● Exercise prompt
All entries are to be printed again exactly, with their images omitted.
------------
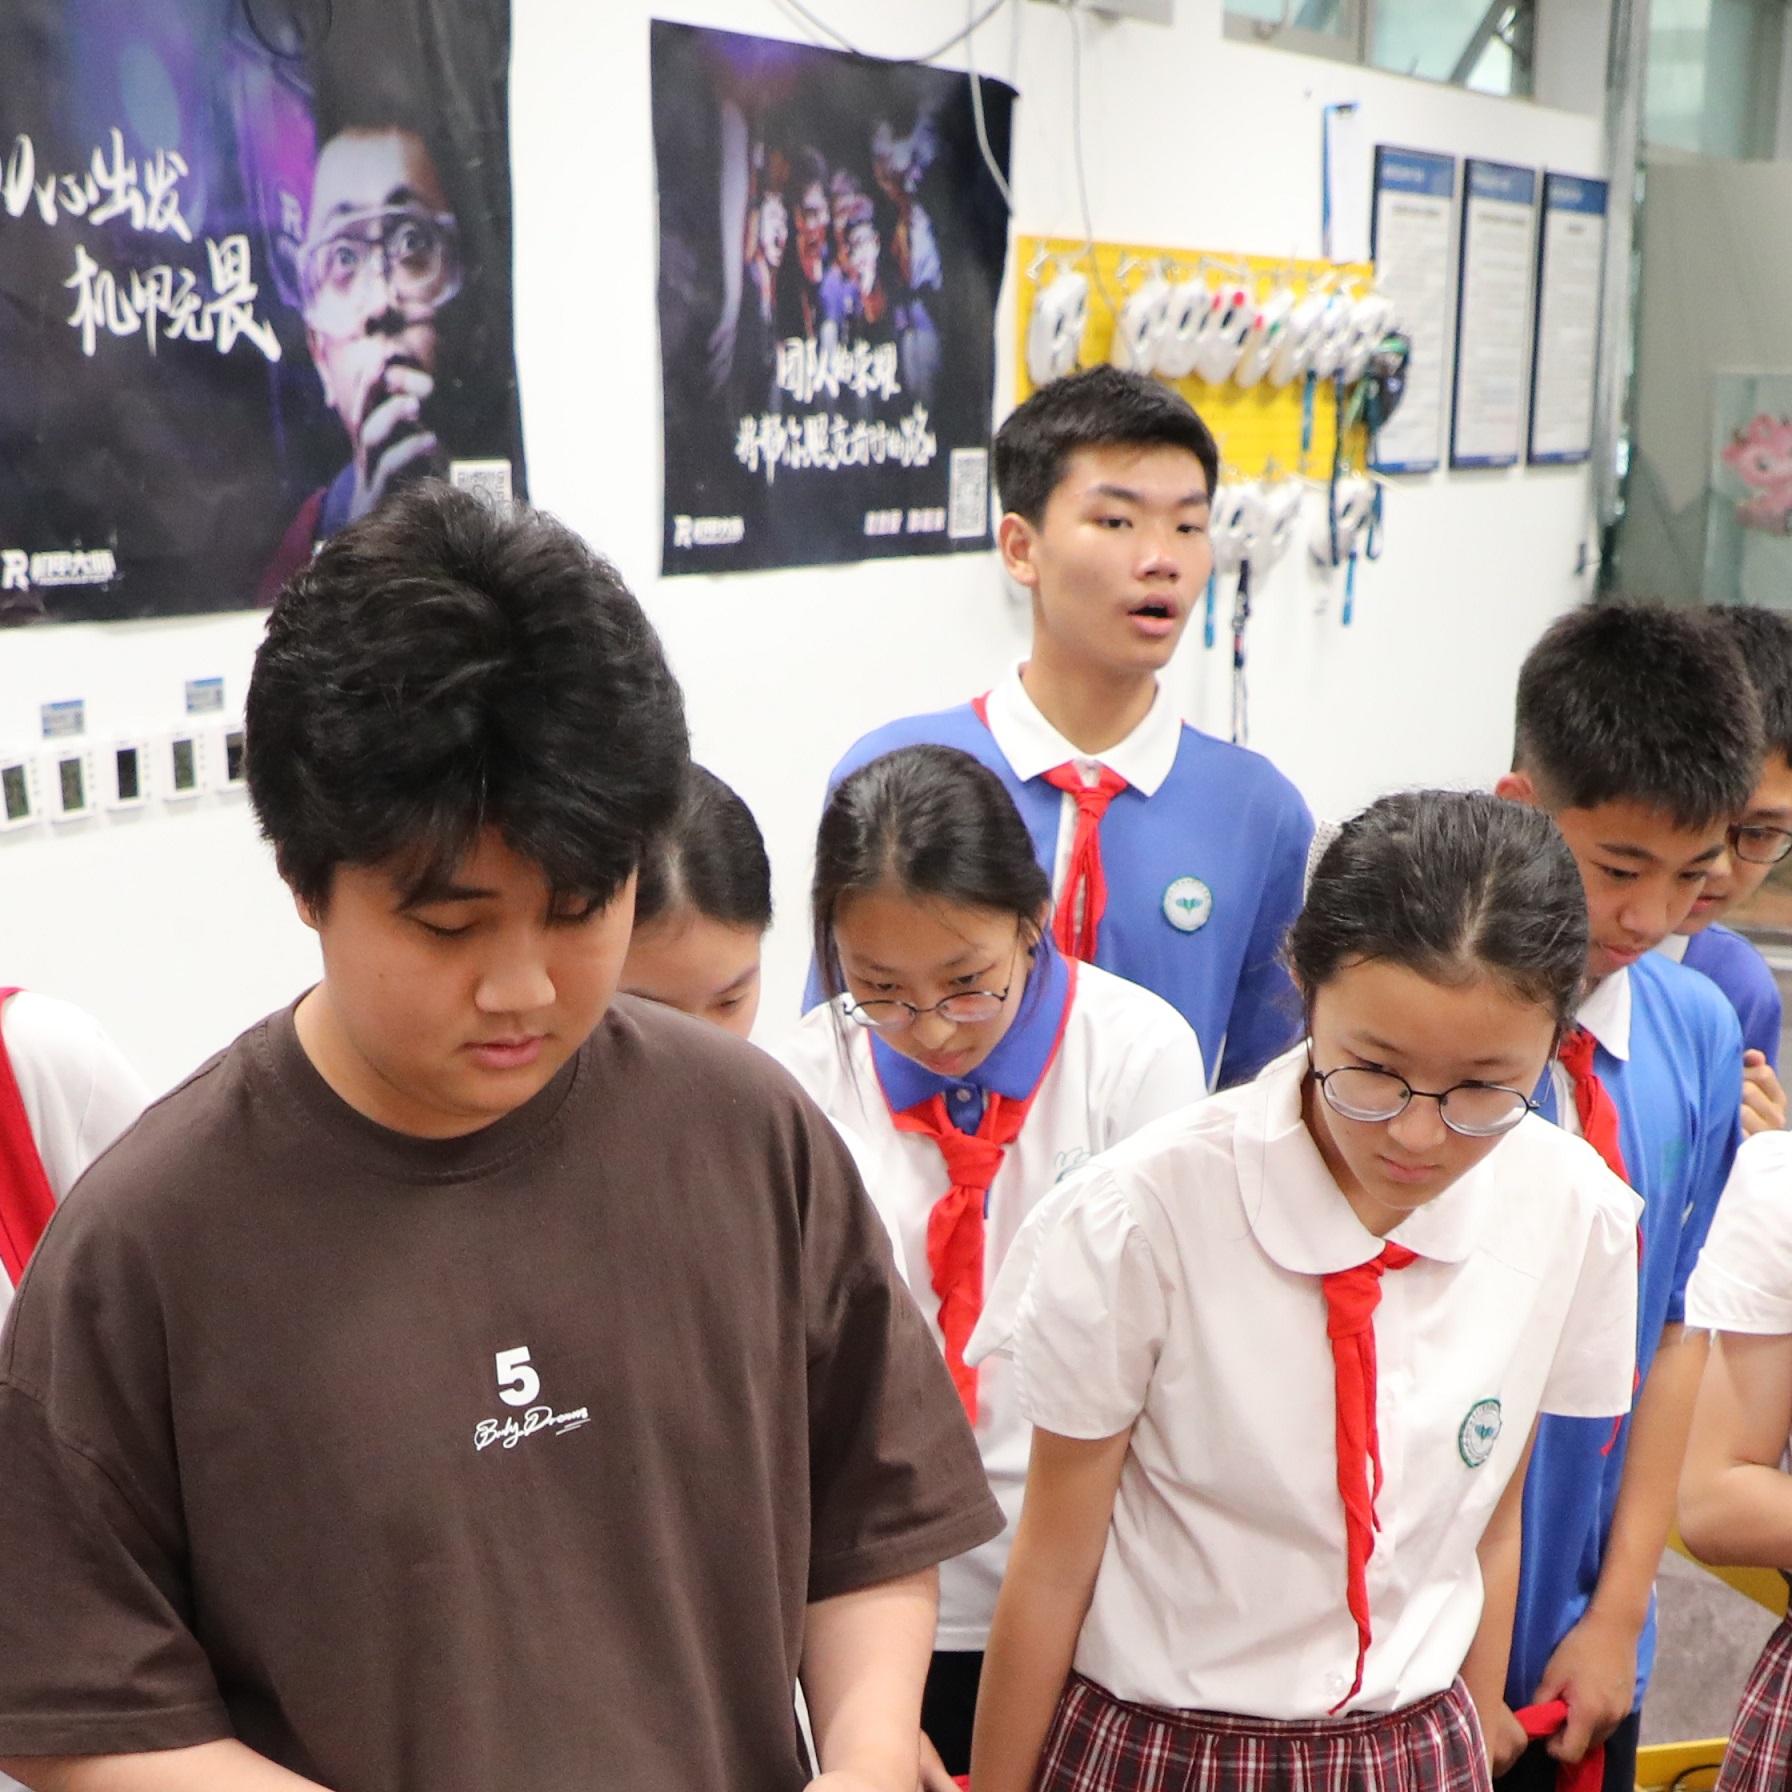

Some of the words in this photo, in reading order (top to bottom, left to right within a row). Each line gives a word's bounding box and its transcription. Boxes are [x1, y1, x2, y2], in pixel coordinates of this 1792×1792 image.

[64, 234, 282, 362] 机甲无畏
[496, 1346, 541, 1406] 5
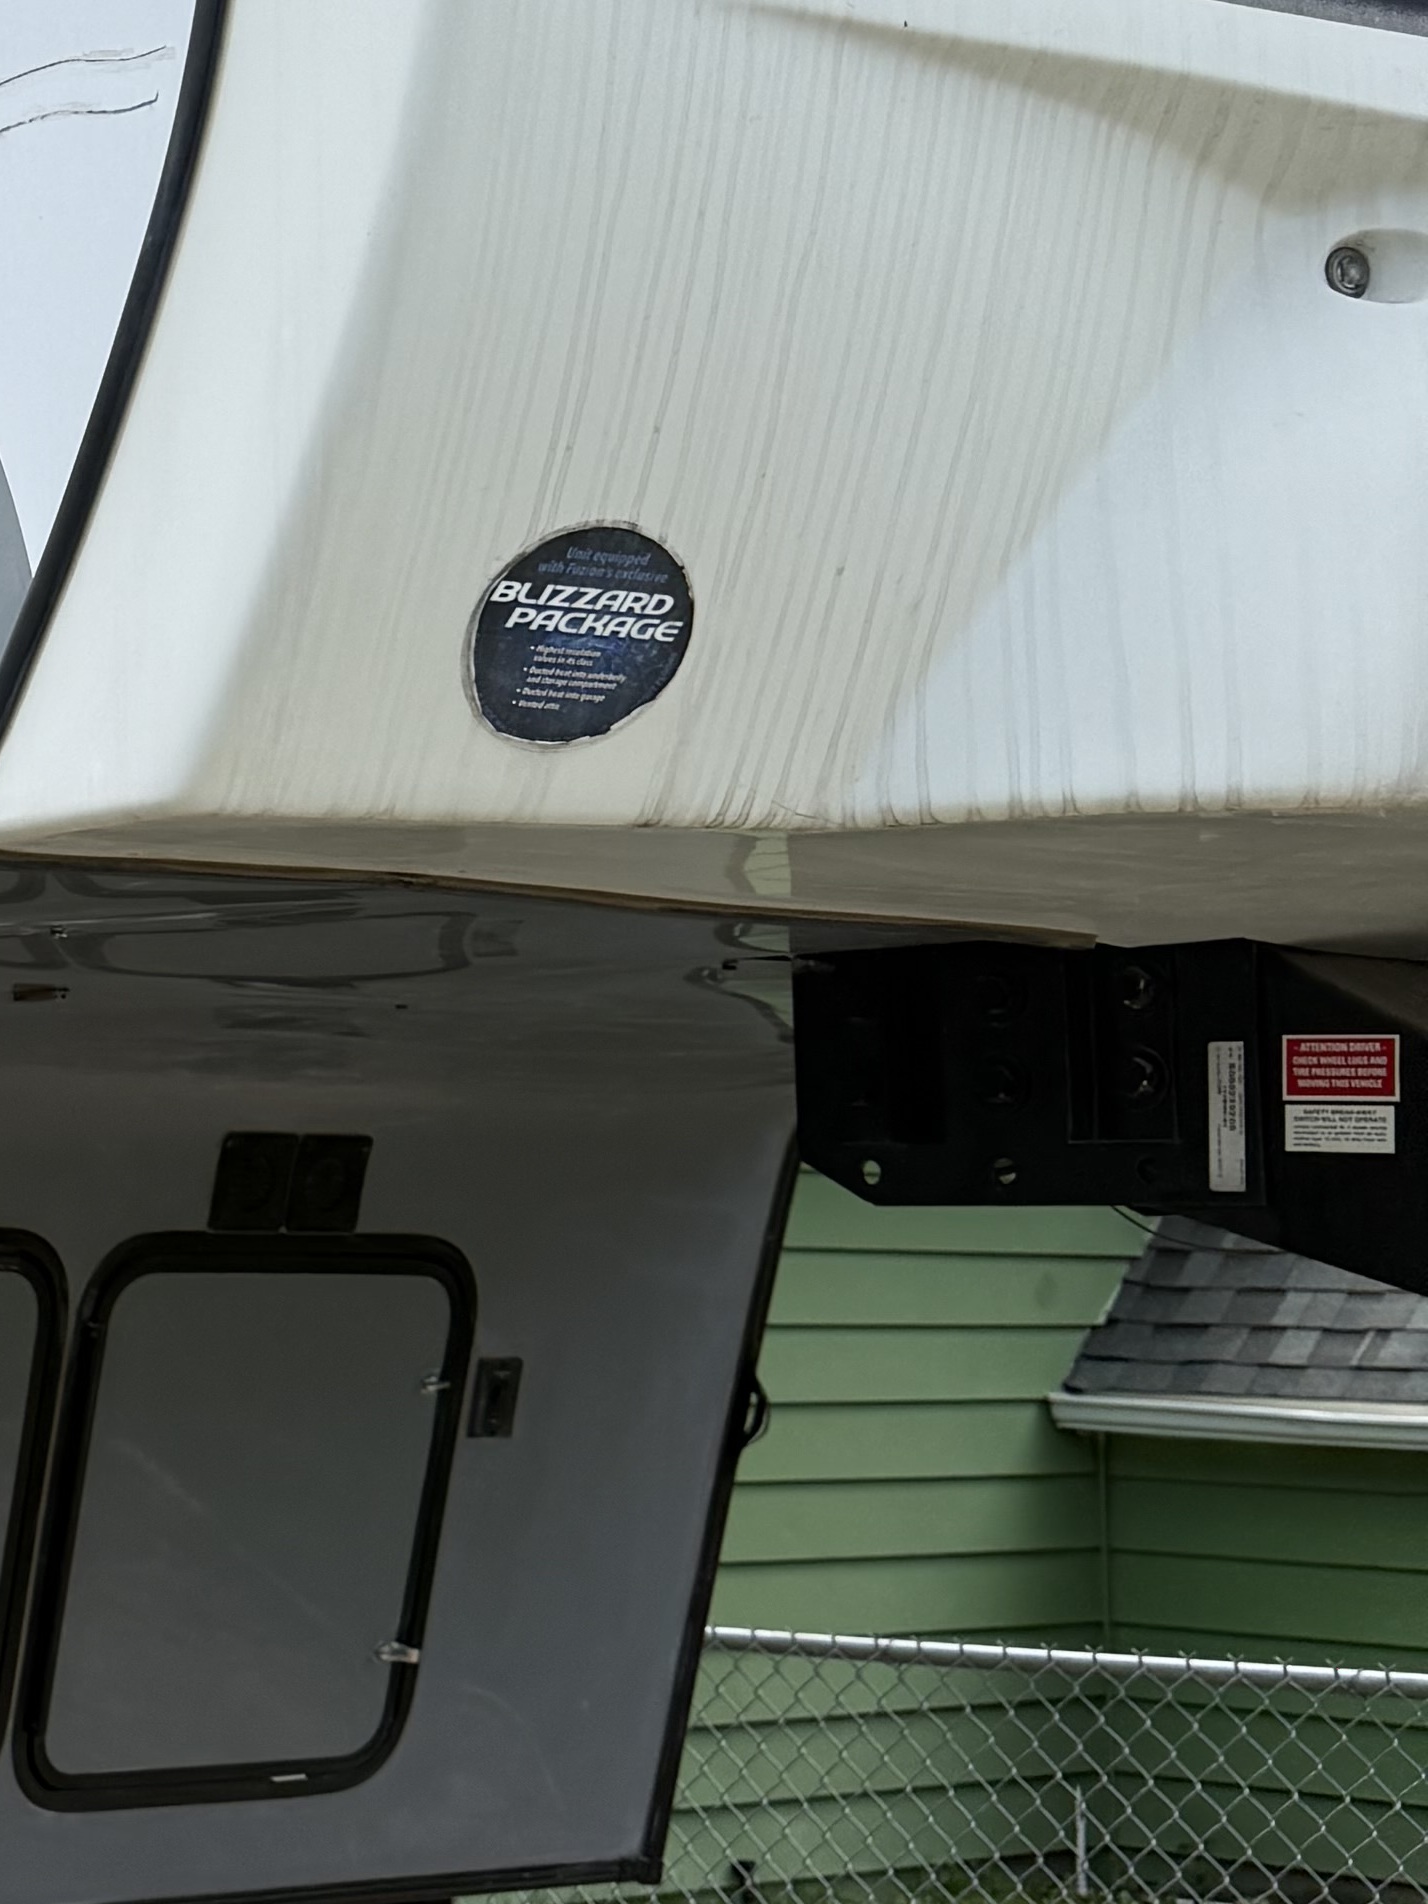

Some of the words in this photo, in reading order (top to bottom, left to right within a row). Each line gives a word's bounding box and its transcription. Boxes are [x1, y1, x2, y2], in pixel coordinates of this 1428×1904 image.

[566, 546, 593, 561] Unit
[593, 550, 652, 567] equipped
[537, 559, 564, 574] with
[614, 568, 669, 583] exclusive
[490, 580, 675, 615] BLIZZARD
[504, 607, 684, 642] PACKAGE
[1300, 1042, 1348, 1052] ATTENTION
[1349, 1042, 1381, 1052] DRIVER
[1292, 1056, 1318, 1065] CHECK
[1319, 1056, 1347, 1065] WHEEL
[1369, 1056, 1388, 1065] AND
[1292, 1067, 1309, 1076] TIRE
[1311, 1067, 1356, 1077] PRESSURES
[1357, 1067, 1388, 1077] BEFORE
[1297, 1078, 1330, 1088] MOVING
[1331, 1078, 1350, 1088] THIS
[1350, 1078, 1383, 1088] VEHICLE
------------
● Finished exercise
Some of the words in this photo, in reading order (top to bottom, left to right within a row). Each line gives a word's bounding box and its transcription. Boxes are [x1, y1, x2, y2], in pixel coordinates of this 1792×1792 image.

[64, 234, 282, 362] 机甲无畏
[496, 1346, 541, 1406] 5

Some of the words in this photo, in reading order (top to bottom, left to right within a row). Each line gives a word's bounding box and its transcription. Boxes are [x1, y1, x2, y2], in pixel coordinates of this 1428×1904 image.

[566, 546, 593, 561] Unit
[593, 550, 652, 567] equipped
[537, 559, 564, 574] with
[614, 568, 669, 583] exclusive
[490, 580, 675, 615] BLIZZARD
[504, 607, 684, 642] PACKAGE
[1300, 1042, 1348, 1052] ATTENTION
[1349, 1042, 1381, 1052] DRIVER
[1292, 1056, 1318, 1065] CHECK
[1319, 1056, 1347, 1065] WHEEL
[1369, 1056, 1388, 1065] AND
[1292, 1067, 1309, 1076] TIRE
[1311, 1067, 1356, 1077] PRESSURES
[1357, 1067, 1388, 1077] BEFORE
[1297, 1078, 1330, 1088] MOVING
[1331, 1078, 1350, 1088] THIS
[1350, 1078, 1383, 1088] VEHICLE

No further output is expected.